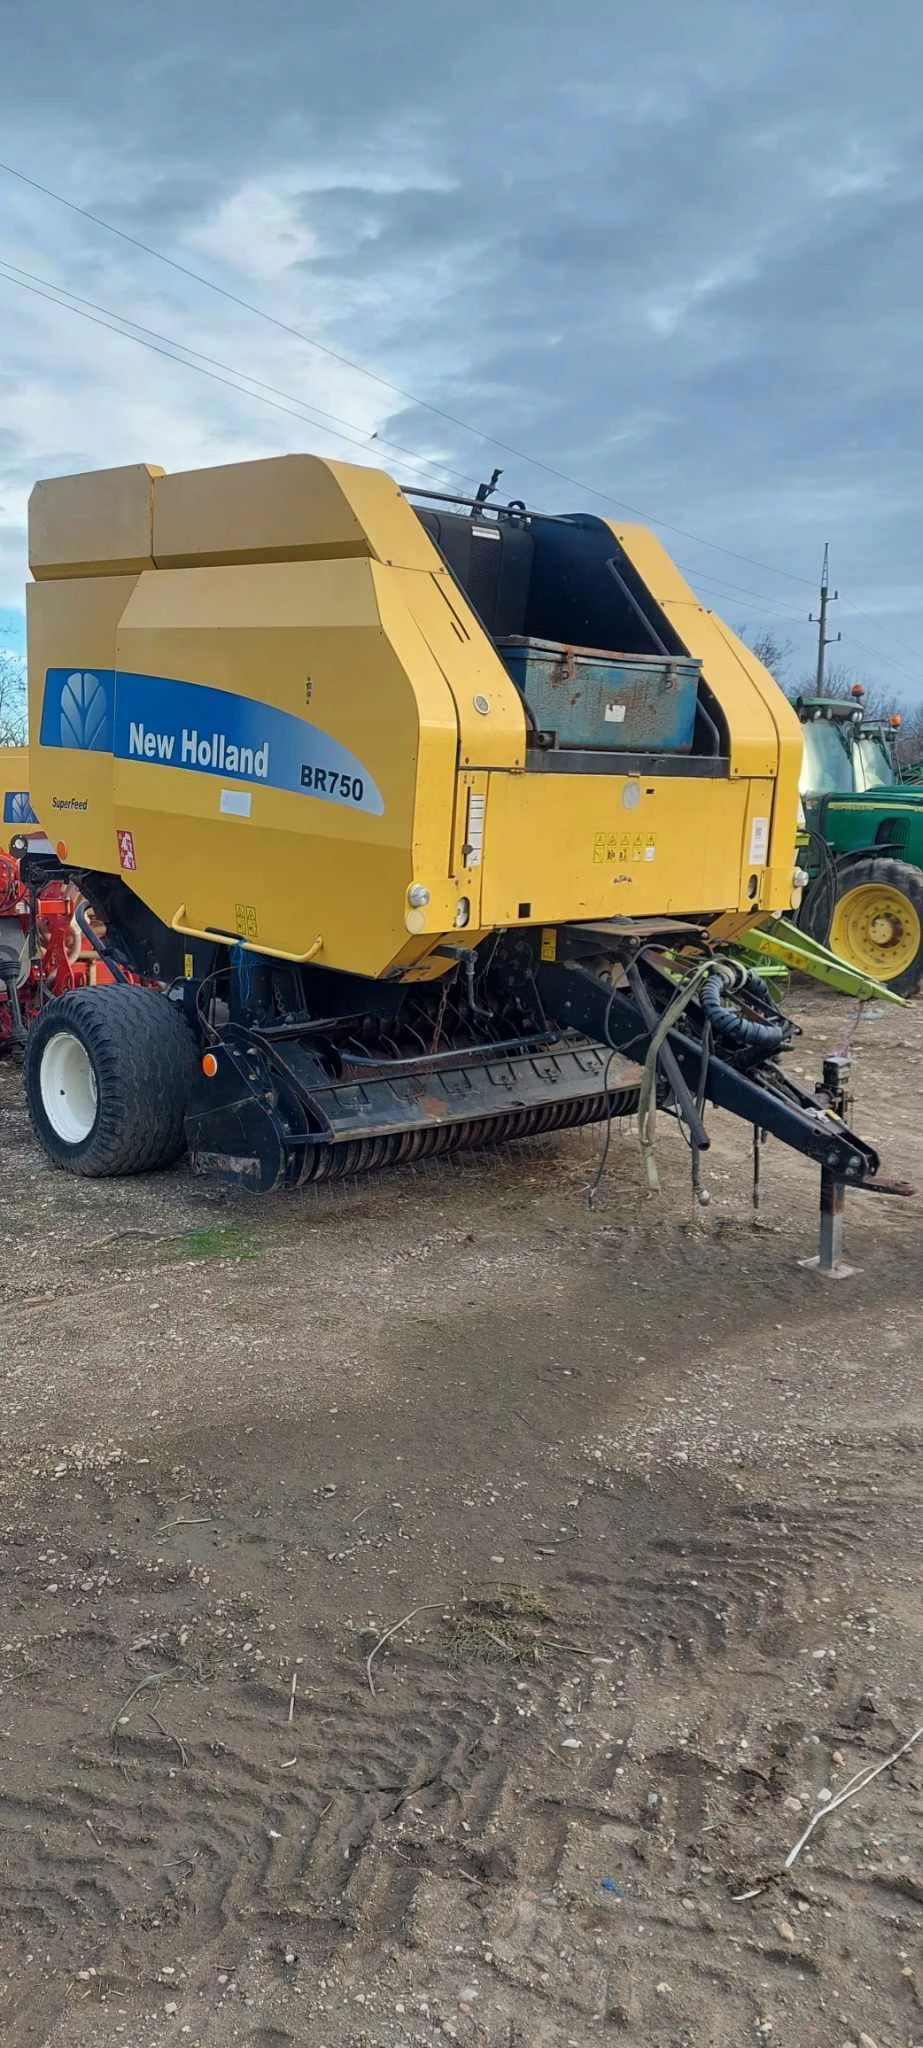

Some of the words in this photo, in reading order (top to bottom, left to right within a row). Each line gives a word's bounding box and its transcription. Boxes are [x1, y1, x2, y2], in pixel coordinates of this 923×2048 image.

[129, 722, 175, 760] New
[181, 729, 269, 777] Holland
[300, 765, 364, 801] BR750
[52, 797, 88, 811] SuperFeed
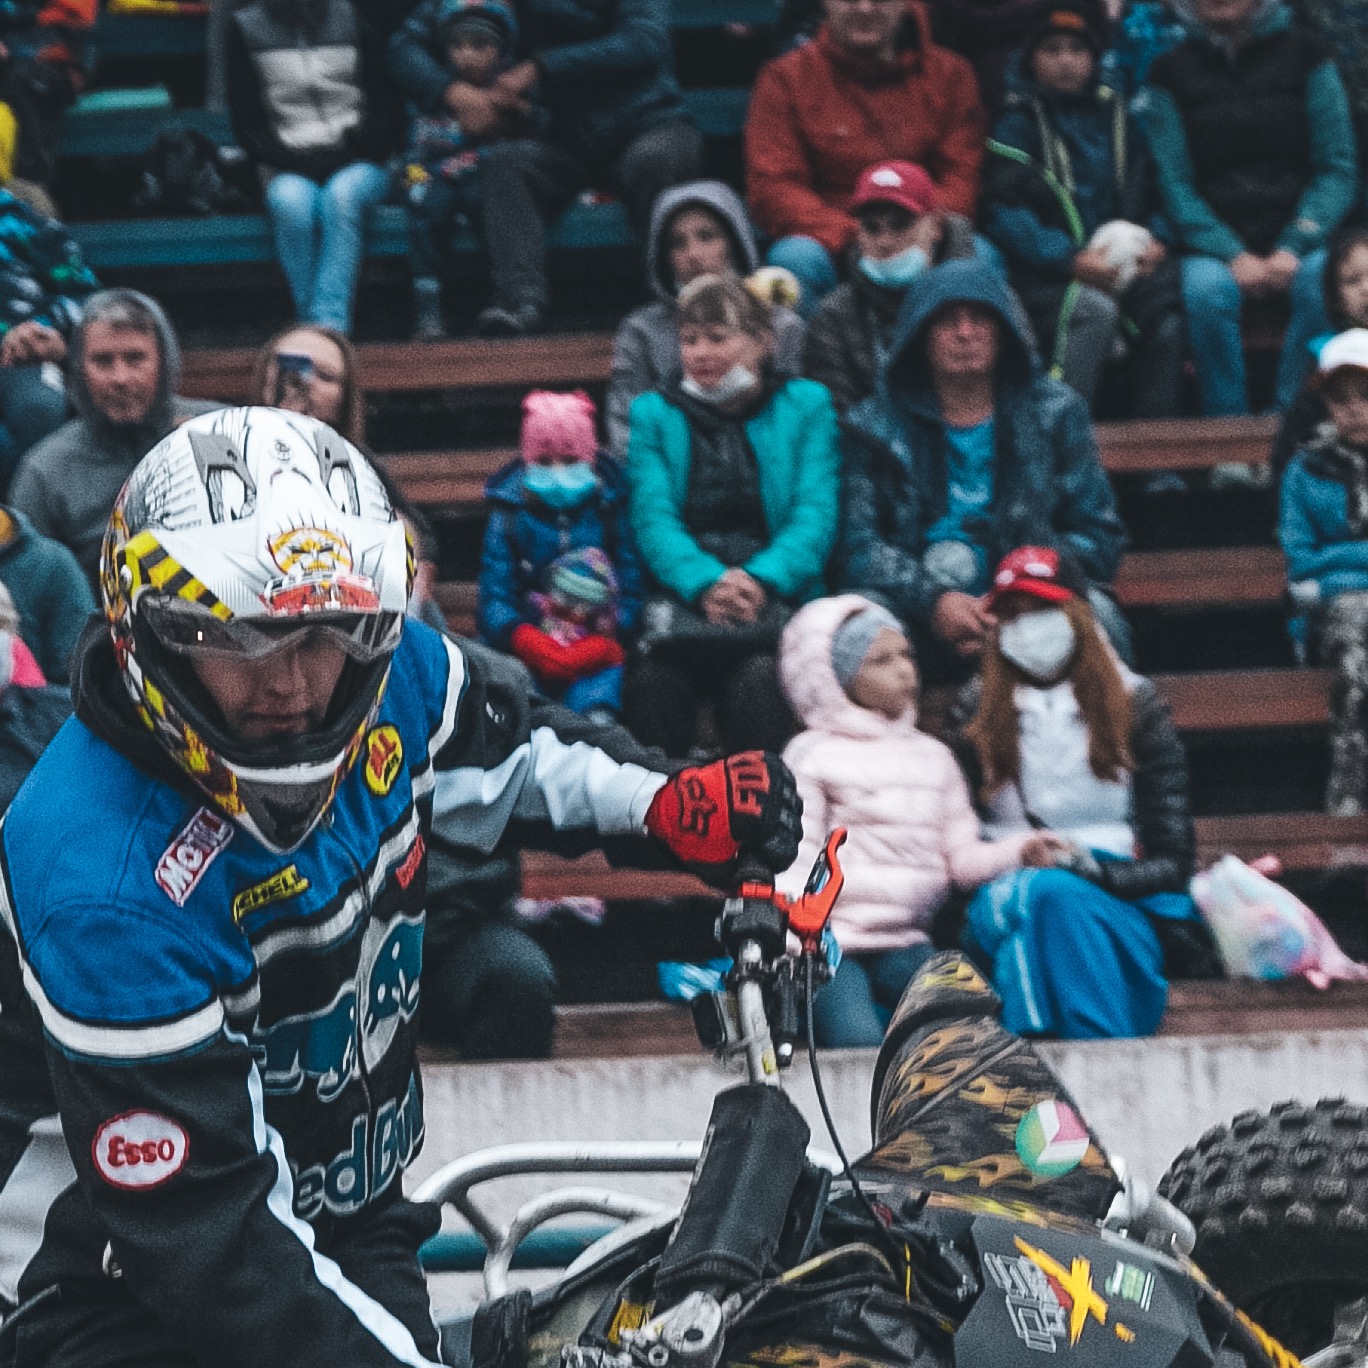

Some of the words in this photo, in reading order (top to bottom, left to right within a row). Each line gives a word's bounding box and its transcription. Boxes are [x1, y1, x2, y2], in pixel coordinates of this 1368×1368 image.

[107, 1135, 175, 1168] Esso
[292, 1112, 369, 1218] ed
[369, 1068, 426, 1203] Bul
○ ○ ○ ○ ○
• Task instructions: Output the data above in full and exactly, with every image left out.

• Problem solution:
Some of the words in this photo, in reading order (top to bottom, left to right within a row). Each line gives a word's bounding box and its transcription. Boxes are [x1, y1, x2, y2], in pixel coordinates of this 923×2048 image.

[129, 722, 175, 760] New
[181, 729, 269, 777] Holland
[300, 765, 364, 801] BR750
[52, 797, 88, 811] SuperFeed

Some of the words in this photo, in reading order (top to bottom, left to right within a row). Each line gives a word's bounding box and its transcription. Boxes are [x1, y1, x2, y2], in pixel coordinates of this 1368×1368 image.

[107, 1135, 175, 1168] Esso
[292, 1112, 369, 1218] ed
[369, 1068, 426, 1203] Bul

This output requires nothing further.